Nobody knows what they’re doing. And I’ve come to believe that anybody who says they do is full of shit.
Sure, we might have a few things figured out: a job, a house, a relationship (to use some old standby milestones)—but these achievements are tenuous, always requiring more work, more attention, more evolution. So the figuring continues . . . on and on, forever.
We make plans, set ourselves goals, develop the methods for achieving them, all of this being a means to making sense of what’s going on around us. And yet they only get us so far. As the saying goes, the best laid plans of mice and men often go awry. Or, to quote the infamous Mike Tyson: everybody has a plan until they get punched in the mouth.
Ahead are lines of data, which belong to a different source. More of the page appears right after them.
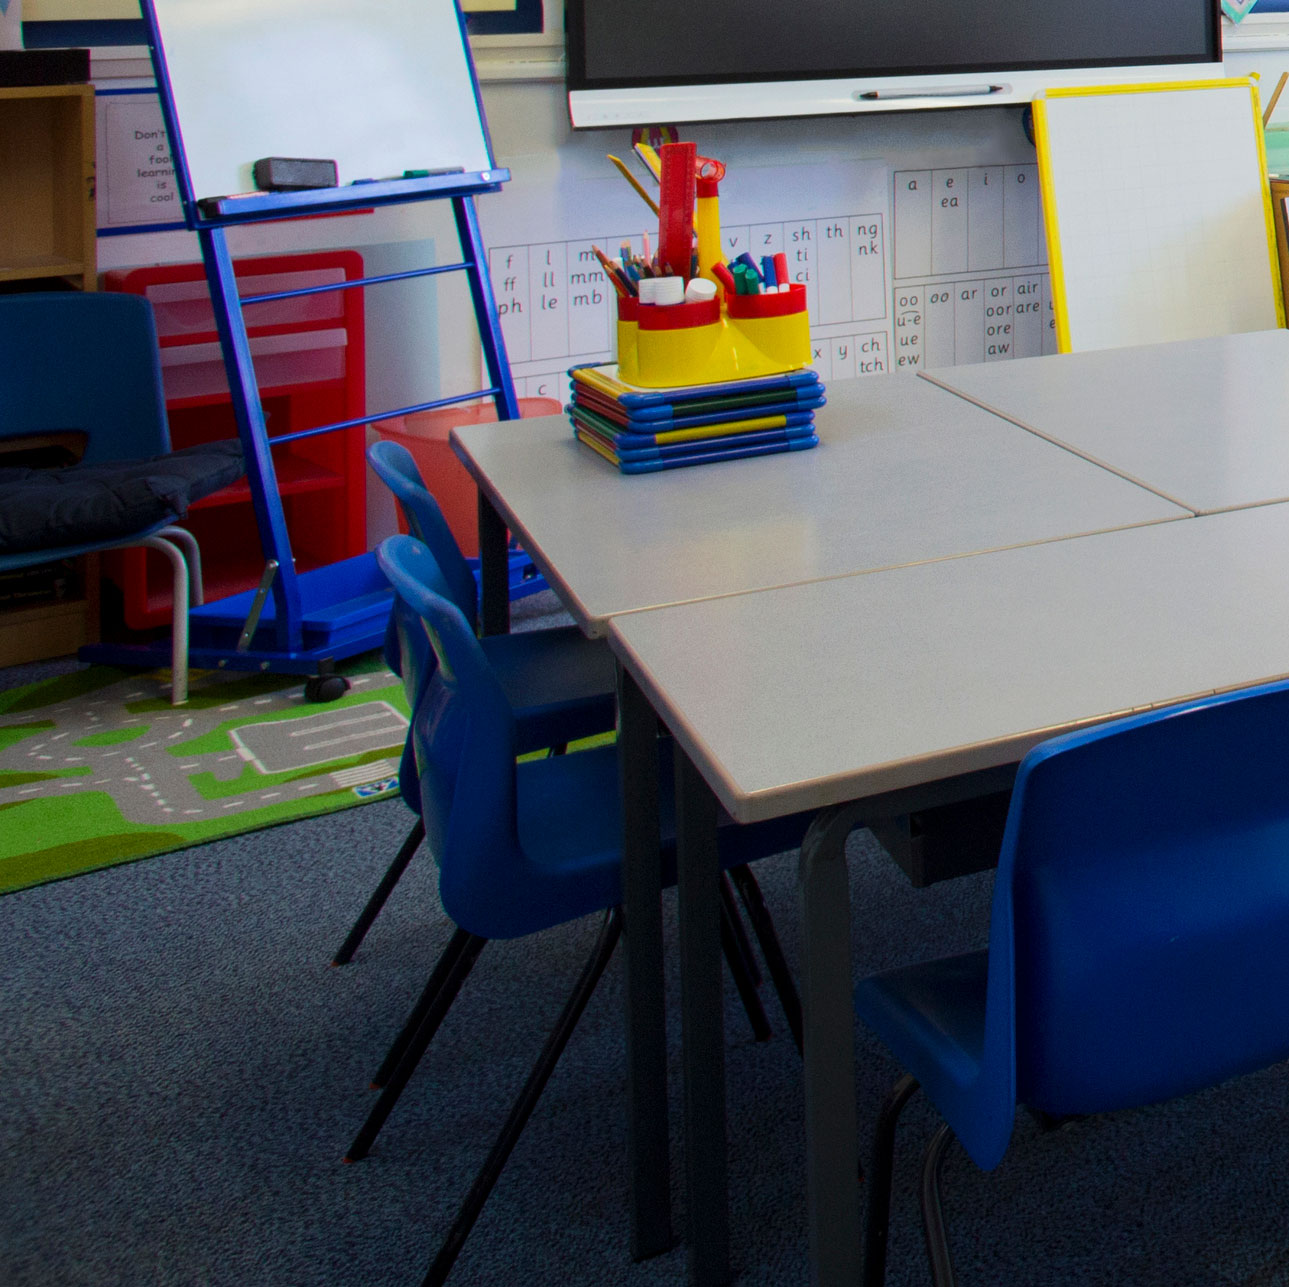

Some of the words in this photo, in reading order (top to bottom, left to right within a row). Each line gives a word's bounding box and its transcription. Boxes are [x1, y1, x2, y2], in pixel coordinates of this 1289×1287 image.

[135, 130, 165, 140] Don't
[156, 144, 164, 152] a
[157, 181, 167, 189] is
[908, 179, 918, 191] a
[946, 177, 954, 188] e
[983, 172, 989, 186] i
[1017, 173, 1026, 184] o
[150, 192, 174, 203] cool
[941, 196, 959, 208] ea
[505, 254, 515, 269] f
[546, 250, 551, 265] l
[579, 250, 597, 262] m
[729, 237, 738, 248] v
[764, 234, 772, 244] z
[792, 227, 811, 242] sh
[826, 224, 843, 239] th
[857, 224, 878, 239] ng
[504, 277, 517, 292] ff
[544, 272, 555, 288] ll
[570, 271, 605, 285] mm
[796, 248, 809, 262] ti
[858, 241, 879, 256] nk
[498, 297, 523, 316] ph
[541, 295, 558, 310] le
[573, 289, 602, 306] mb
[796, 267, 810, 282] ci
[899, 295, 919, 307] oo
[930, 291, 949, 304] oo
[960, 288, 978, 301] ar
[990, 285, 1007, 297] or
[1017, 281, 1038, 295] air
[896, 314, 921, 327] u-e
[986, 304, 1012, 317] oor
[1016, 301, 1040, 313] are
[900, 334, 918, 347] ue
[986, 323, 1011, 336] ore
[538, 384, 547, 395] c
[814, 348, 822, 359] x
[839, 344, 848, 360] y
[861, 337, 881, 354] ch
[860, 357, 884, 373] tch
[897, 353, 920, 366] ew
[987, 342, 1009, 355] aw
A breakup, a layoff, doors unexpectedly closing, these are life’s punches. And when our plans fall apart, what are we left with to find our way?
One tool: improvisation.
When I was kid, my grandmother signed me up for a ceramics class. As we pounded clay, the teacher told us—insisted, even—that there are no mistakes in art. Being young elementary students, praised elsewhere in school by Mrs. Walker for writing neatly and coloring within the lines, this was some subversive shit.
Some kids didn’t believe it. They had to know if they were right or wrong. The idea of any grey area haywired their black-and-white view of the world. (And to a large extent this grey area continues to short-circuits many adults’ brains, too.)
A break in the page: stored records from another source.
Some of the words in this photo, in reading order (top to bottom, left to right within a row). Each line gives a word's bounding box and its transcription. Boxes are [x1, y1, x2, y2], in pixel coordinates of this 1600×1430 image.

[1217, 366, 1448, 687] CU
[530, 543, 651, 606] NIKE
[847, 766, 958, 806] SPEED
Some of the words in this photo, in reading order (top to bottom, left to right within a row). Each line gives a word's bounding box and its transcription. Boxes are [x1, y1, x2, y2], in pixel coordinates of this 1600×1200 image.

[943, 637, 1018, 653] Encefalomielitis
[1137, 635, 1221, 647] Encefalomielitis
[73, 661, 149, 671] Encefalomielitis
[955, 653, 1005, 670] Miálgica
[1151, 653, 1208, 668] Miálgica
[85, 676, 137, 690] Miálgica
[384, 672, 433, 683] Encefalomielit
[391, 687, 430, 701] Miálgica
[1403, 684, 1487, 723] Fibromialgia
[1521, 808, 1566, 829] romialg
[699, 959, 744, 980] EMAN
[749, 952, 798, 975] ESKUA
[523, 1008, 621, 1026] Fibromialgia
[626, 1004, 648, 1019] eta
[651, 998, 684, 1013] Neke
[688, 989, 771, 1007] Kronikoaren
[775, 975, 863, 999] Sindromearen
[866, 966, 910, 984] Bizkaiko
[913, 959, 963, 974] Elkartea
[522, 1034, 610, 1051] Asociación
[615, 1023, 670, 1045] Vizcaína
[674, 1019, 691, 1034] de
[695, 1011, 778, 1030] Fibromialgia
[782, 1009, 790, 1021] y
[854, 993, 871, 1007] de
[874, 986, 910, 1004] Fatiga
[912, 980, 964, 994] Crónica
But you can’t figure anything out when it’s like that. When plans go awry, those black-and-white answers are non-existent—you have no choice but to muddle through the grey. So instead of waiting on some User Manual for Life, you’ve simply got to put that trust in yourself.
Enter improvisation.
Improvisation, by definition, requires bushwhacking into the unknown. Be it sailing off the edge of the map, or launching into the chord changes of Coltrane’s Giant Steps. It takes confidence to pull it off successfully. We’re a lot more capable than we give ourselves credit for. And what exactly is confidence in this regard?
To quote another jazz musician, Bobby McFerrin: improvisation is simply the courage to keep going.
Courage is a daunting word (even just writing it out), evoking epic images of charging into battle, scaling giant mountains, making impossible decisions. But in its essence, courage is much simpler than that . . . it consists of one word: yes.
As it happens, the number one rule of improv theater is to say yes. When an actor makes a move, throws out a line, you must go with it. And then you must take those ideas and make them your own, always maintaining forward momentum. Nothing kills momentum like the word no.
This reminds me of an article I once tore out of Surfer Magazine a long time ago, which I carried in my wallet for years. It was called “Advice for Travelling Solo.” Top of the list: say yes to every opportunity that comes your way.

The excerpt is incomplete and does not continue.